Part of the final line-up of books to be published by US indie micropress Birdcage Bottom Books (and currently crowdfunding on Kickstarter here) Desmond Reed’s The Cola Pop Creemees: Opening Act follows the misadventures of the titular psychedelic band in a series of multi-strip stories. The group comprises of de facto leader Ralph Jonathan, joker Wallace T.J., the artistic Mona Gertrude, the unsure Gil Christopher and the ever anxious Henrietta Susan. And, to add to the madcap nature of the book, all five live in a hand-shaped house with each finger being one member’s personal quarters.
Each of these main characters is depicted with a physical elasticity, ensuring they stand out as eccentrics in a world of otherwise more recognisably realised humans. Over the course of the seven storylines we observe the group together and solo in tales that focus on their band practice, their antics attending a wedding, flashbacks to the past, flashfowards to the future, festive celebrations, and struggles with depression.
Perhaps Reed’s greatest accomplishment here is to insinuate some very profound insights into the human condition into what initially may seem superficially like a quirky collection of whimsical humour. Through the assorted members of the Cola Pop Creemees Reed provides examinations of subjects like toxic relationships, alienation, family dynamics, bereavement and loss, mental health struggles, and unfulfilled love, in an often humorous but no less insightful way. By framing these explorations in terms of the amiably bizarre and endearingly idiosyncratic he succeeds in forging a deeper empathetic link between reader and page.
I am loathe to use phrases like “deceptively simple” because they seem such facile reviewer-speak fallbacks but Reed’s visuals do embody those words to an extent. The sense of design here, the clever construction of black and white contrast, and the constant switches between traditional sequential panels and more open, flowing pages could easily be missed under the clarity and accessibility of his cartooning. Formal tools are also used with an astute eye to establishing tone and mood, particularly lettering tricks and playful shifts in perspective.
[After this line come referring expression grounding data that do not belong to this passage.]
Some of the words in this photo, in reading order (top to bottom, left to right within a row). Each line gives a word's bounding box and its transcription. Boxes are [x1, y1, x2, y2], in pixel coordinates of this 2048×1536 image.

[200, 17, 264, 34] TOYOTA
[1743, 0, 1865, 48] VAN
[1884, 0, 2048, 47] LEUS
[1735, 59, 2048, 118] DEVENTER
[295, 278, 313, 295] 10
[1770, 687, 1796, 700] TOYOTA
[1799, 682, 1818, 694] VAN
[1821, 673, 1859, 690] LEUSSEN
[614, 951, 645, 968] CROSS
Reed confounds expectations by dramatically changing the mood and tempo across stories from the slacker japery of Wallace T.J. on one end through to the powerfully poignant depiction of Henrietta Susan’s depression on the other. To that end, in less than 250 pages, The Cola Pop Creemees manages to make the reader so invested in this oddball cast that a second outing feels essential.
Desmond Reed (W/A) • Birdcage Bottom Books
Currently crowdfunding on Kickstarter here
Review by Andy Oliver
[…] • Lars Ingebrigtsen passes comment on his latest comics haul. • Broken Frontier: Desmond Reed’s The Cola Pop Creemees: Opening Act. • Solrad: DEAR DIARIES MINI #1 by Jesse Reklaw. • Multiversity Comics: Good Person Trouble by […]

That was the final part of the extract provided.